Hutton: the choice between federalism and an orgy of unforgiving remembrance

Dear reader, if I don't convince you, please read Will Hutton today in The Observer. And by the way, he doesn't need to finish his article with a call for another referendum (a typical concession to secessionism by lazy commentators). He knows better than that, because he interviewed Amartya Sen about it. It is the best article about Catalonia that I have seen, perhaps together with the one by Roger Cohen of the New York Times, "Damage to Catalonia." This is what Hutton, probably the best progressive writer in the UK, has to say:
"Europe is plunging ever deeper into an orgy of unforgiving remembrance. A collective curse has settled over our continent, in which past triumphs are contrasted with present grievances. Only independence, taking back control and avenging a continuum of injustice can restore justice, prosperity and lost glory, even if, in Catalonia, there could be a slide to civil war, as EU commissioner Günther Oettinger warns. It is not that the rest of the world is immune from this contagion: witness the passions over the Confederate flag in Charlottesville, Japanese politicians genuflecting at their war shrine or jihadists avenging the Crusades. But Europe, with so many tribes boasting so much history in so many countries, is the memory capital of the globe, where too many states are so vulnerable to the agonies of secession and fragmentation.
The best justification for what is happening is that these inflated memories are but froth on a deeper and natural yearning of every subnational, culturally united minority to enjoy civic self-determination. The worst interpretation is to see Catalonia as an expression of a destructive populist appeal to its citizens’ worst instincts – puffed-up hatred of the other, driven by false grievances and impossible hopes – while cloaking those unappetising instincts in the language of self-government and democracy.
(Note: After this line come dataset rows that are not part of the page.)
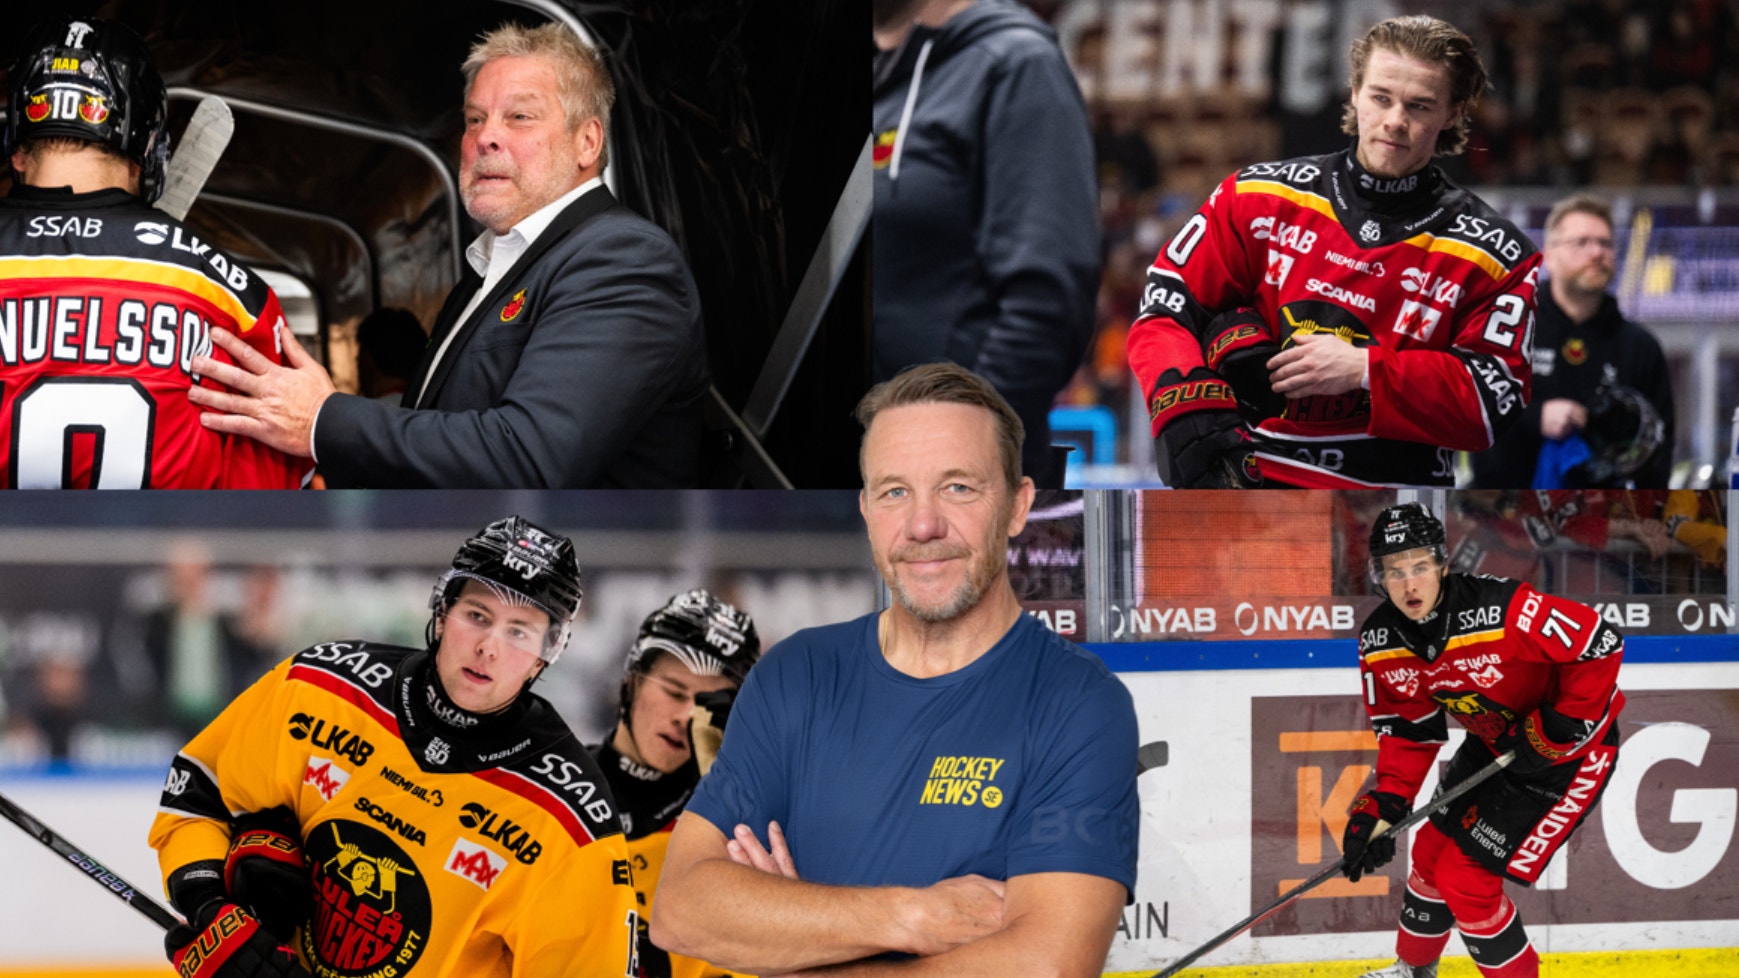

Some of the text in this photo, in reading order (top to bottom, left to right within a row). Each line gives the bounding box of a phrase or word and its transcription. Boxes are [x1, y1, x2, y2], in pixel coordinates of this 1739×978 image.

[52, 88, 81, 119] 10
[1241, 162, 1321, 184] SSAB
[1375, 175, 1418, 193] LKAB
[26, 215, 103, 238] SSAB
[1267, 218, 1319, 255] LKAB
[1447, 213, 1523, 262] SSAB
[171, 227, 249, 291] LKAB
[1324, 250, 1355, 269] NIEMI
[1305, 278, 1377, 314] SCANIA
[1420, 271, 1466, 309] LKA
[1384, 532, 1406, 544] kry
[503, 550, 541, 580] kry
[1129, 606, 1218, 634] NYAB
[1262, 605, 1355, 632] NYAB
[1458, 605, 1502, 631] SSAB
[1540, 607, 1582, 650] 71
[705, 628, 740, 656] kry
[301, 641, 394, 689] SSAB
[1466, 653, 1502, 671] LKAB
[310, 718, 376, 768] LKAB
[379, 765, 414, 793] NIEMI
[928, 756, 1005, 782] HOCKEY
[528, 752, 613, 824] SSAB
[919, 778, 982, 807] NEWS
[353, 796, 427, 848] SCANIA
[477, 812, 544, 866] LKAB
[449, 850, 500, 890] MAX
[395, 929, 421, 965] 1977
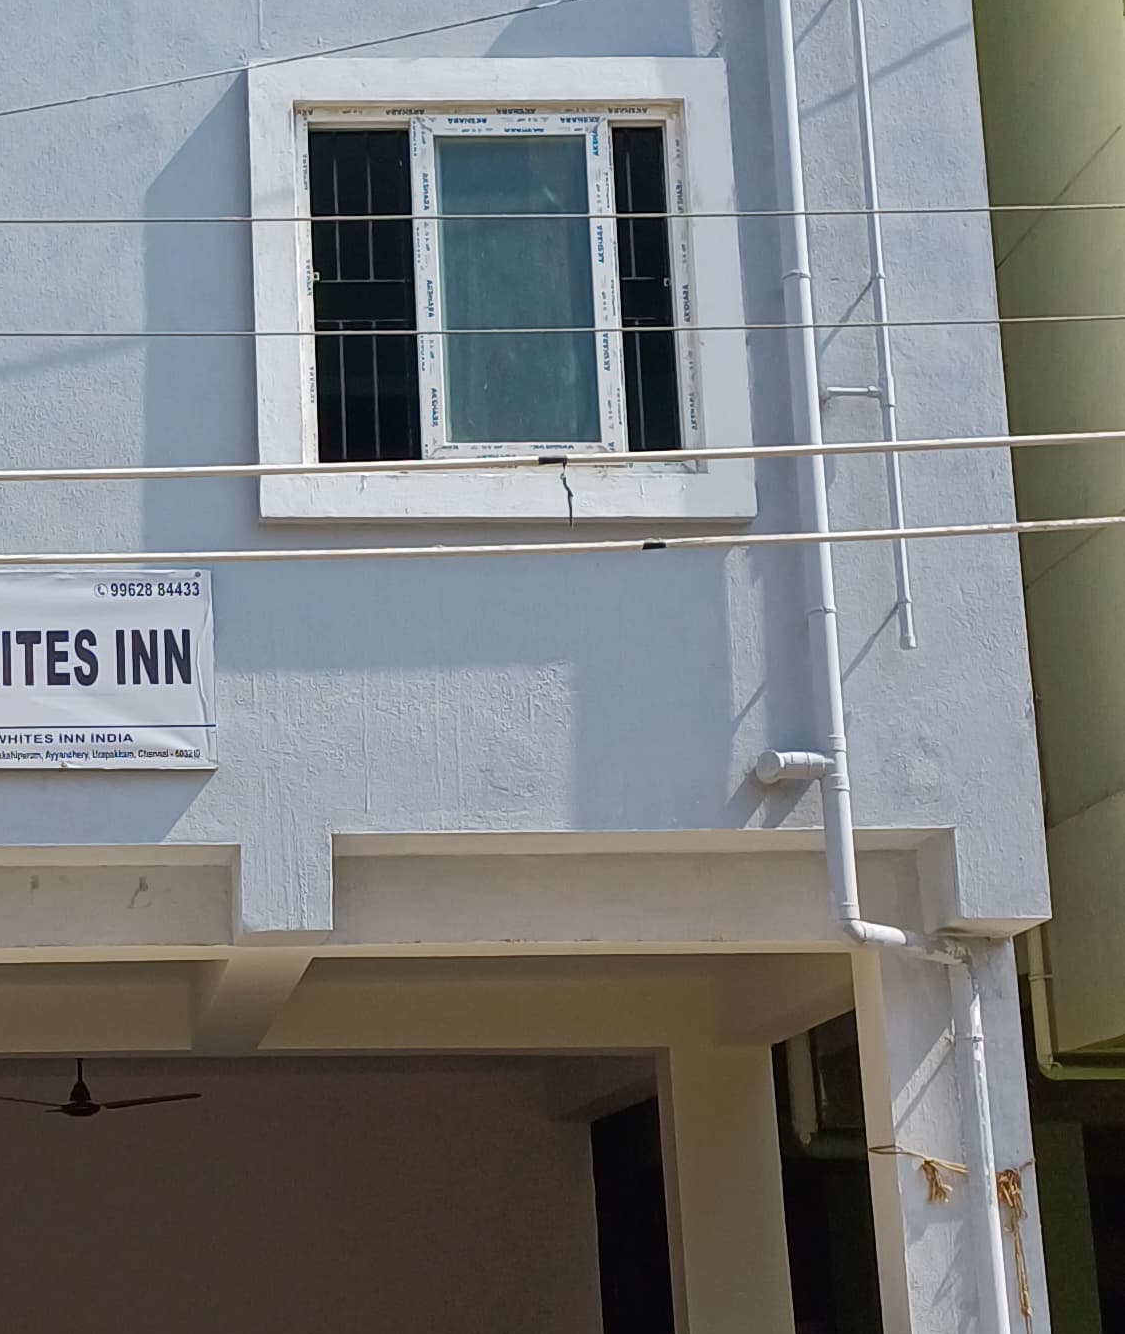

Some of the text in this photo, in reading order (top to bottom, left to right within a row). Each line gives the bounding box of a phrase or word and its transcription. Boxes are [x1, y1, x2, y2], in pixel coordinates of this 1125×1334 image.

[110, 581, 200, 597] 99628 84433
[115, 629, 192, 685] INN
[59, 733, 85, 743] INN
[90, 732, 134, 743] INDIA
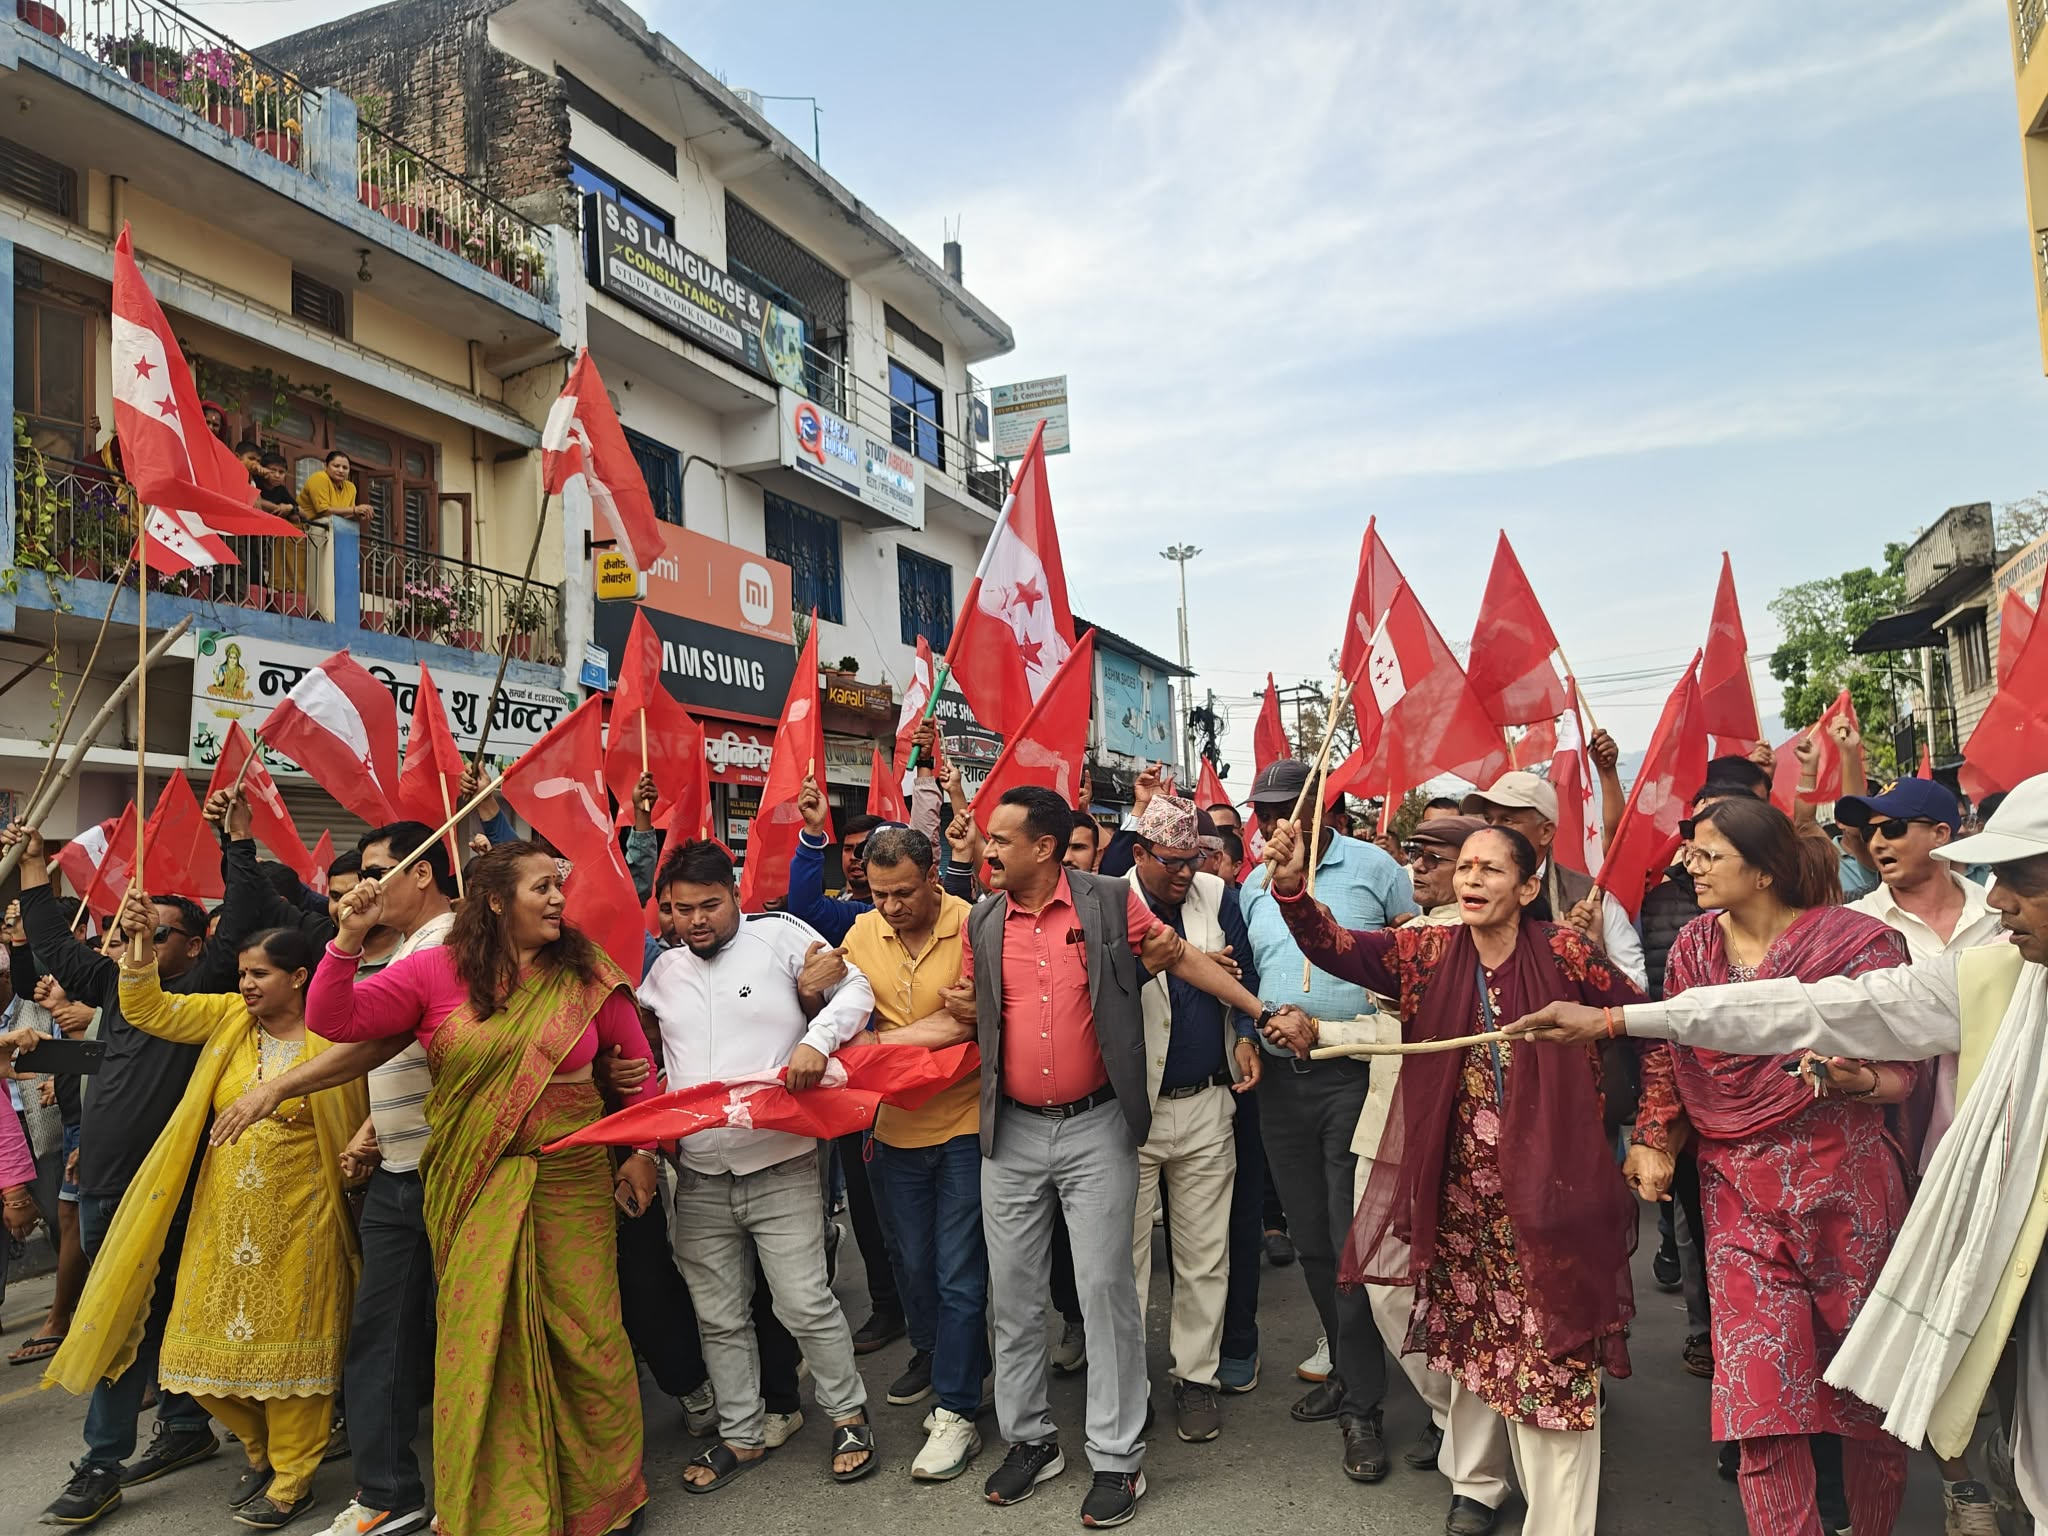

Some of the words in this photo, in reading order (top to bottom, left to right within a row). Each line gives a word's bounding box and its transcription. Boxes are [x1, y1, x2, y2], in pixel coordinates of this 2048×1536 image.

The right response, as Catalonia’s Socialist party argues, is for Spain to recreate itself as a republican, federal state rather than attempt to sustain itself as a monarchially legitimised unitary state. The only way to avoid disaster and give the mainstream parties in Catalonia the political ammunition to argue against secession, which neither they nor the majority of Catalans want, is to offer the prospect of an autonomous Catalonia within a federal Spain. It is through political creativity that historical myth can be relegated to where it belongs, along with much more determined and imaginative activism to address inequalities and neglect.
Similarly in Britain. If the unfolding disaster of Brexit is to be stopped in its tracks, and the over-remembered, over-deified past restored to its proper place, we need parallel creativity – a constitutional settlement with Europe and, at home, a real assault on the injustices that fed what was at bottom a protest vote against a status quo too many found intolerable. Too much remembering has become toxic. It is time to forget and move on."